His name was Malachi. To the townsfolk, he was just the barber, the man who shaped their hair with practiced care. But Malachi was unlike any other. For he did not merely cut hair; he cut time itself.
It was an art and a curse, woven into his very fingers - with each snip of his shears, he could sever strands of memory from the tapestry of a person's past. A single haircut was more than a cosmetic ritual; it was a delicate lopping of moments, a quiet pruning of what once was.
This strange gift came from an ancient lineage long buried beneath myths. No one in Eldershore knew the truth except Malachi himself. He could sense the weight of memories clinging to his customers like cobwebs, dulling their spirits. With each cut, he freed them from pain, regret, or sometimes joy that had become a burden. And in doing so, time rippled and shifted - though no one else felt it, only he.
On a crisp autumn morning, the scent of damp earth and fallen leaves seeped through the cracked windowpane. Malachi prepared his tools with ingrained reverence: comb, scissors, a worn leather cape. The soft tick of an ancient clock marked the steady progression of moments, oblivious to the strange power that blossomed within the little shop.

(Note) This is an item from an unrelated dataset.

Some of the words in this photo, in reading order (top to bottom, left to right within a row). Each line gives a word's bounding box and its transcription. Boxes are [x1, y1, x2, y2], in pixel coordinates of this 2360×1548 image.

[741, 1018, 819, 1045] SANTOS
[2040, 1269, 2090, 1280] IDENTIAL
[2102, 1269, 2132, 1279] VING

His first customer was Mrs. Harlow, a widow whose eyes still glimmered with the ghost of long-lost laughter. She came every fortnight not only for a trim but for the comfort of forgetting the sharper edges of her grief. Malachi processed her memory as he worked - a gentle cut here, a careful snip there. He felt the threads unravel and dissolve, leaving her lighter, almost ethereal.
"You always make the years easier to hold," Mrs. Harlow said with a fragile smile, catching a glimpse of her reflection as the final strands tumbled away.

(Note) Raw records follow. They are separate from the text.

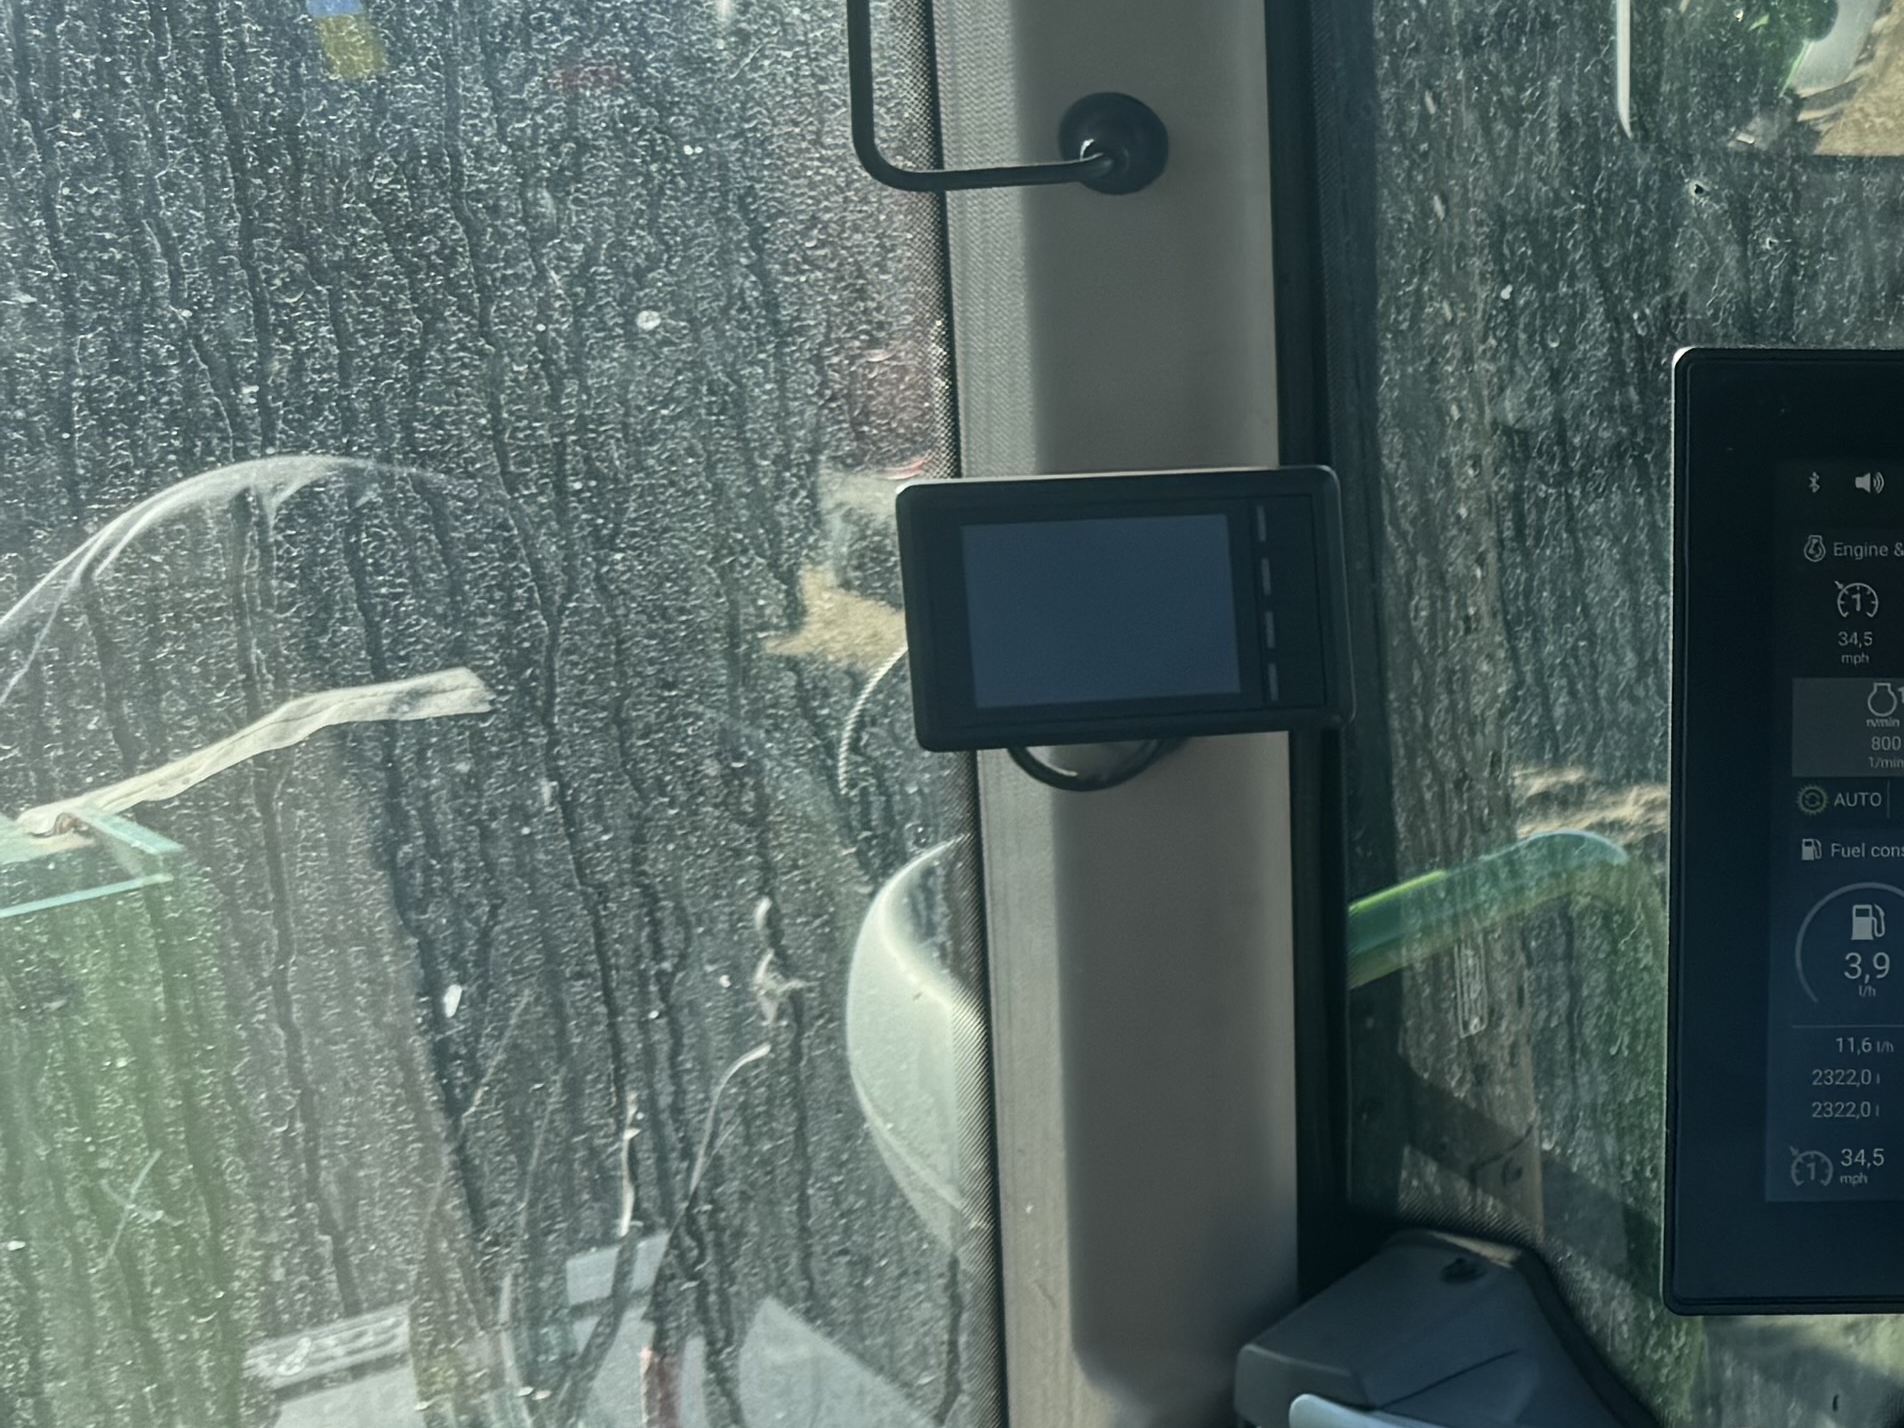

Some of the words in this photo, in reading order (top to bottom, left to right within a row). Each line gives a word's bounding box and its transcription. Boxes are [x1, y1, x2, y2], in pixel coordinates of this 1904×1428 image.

[1832, 542, 1889, 561] Engine
[1893, 542, 1904, 558] &
[1851, 594, 1862, 612] 1
[1837, 631, 1873, 649] 34,5
[1840, 652, 1870, 666] mph
[1870, 735, 1902, 751] 800
[1867, 756, 1904, 769] 1/min
[1833, 792, 1883, 808] AUTO
[1830, 842, 1866, 859] Fuel
[1843, 951, 1891, 984] 3,9
[1858, 983, 1877, 998] l/h
[1835, 1036, 1873, 1055] 11,6
[1876, 1039, 1895, 1054] l/h
[1811, 1069, 1872, 1087] 2322,0
[1811, 1102, 1872, 1120] 2322,0
[1840, 1148, 1885, 1169] 34,5
[1839, 1172, 1869, 1186] mph

Malachi nodded, knowing words could neither explain nor capture his purpose. The clock chimed ten times and the door jingled once more. A figure stepped in-young, determined, with eyes fixed below the brim of a weathered cap.
The stranger was different. There was an air of urgency, a restless ache beneath his calm demeanor. He took a seat without a word, and Malachi sensed the storm of memories packed tightly in his chest.
"I want it all gone," the young man said quietly, voice brittle and strained.
Malachi raised a brow, the words hanging heavy between them. "All of your memories?"
The stranger swallowed hard, nodding. "The love I once had. Every trace of her. It's poison now."
The room chilled despite the amber warmth. Erasing even a fragment was a delicate act; obliterating the whole was unprecedented, a recklessness Malachi feared. Yet he could not refuse. Some wounds demanded a desperate cure.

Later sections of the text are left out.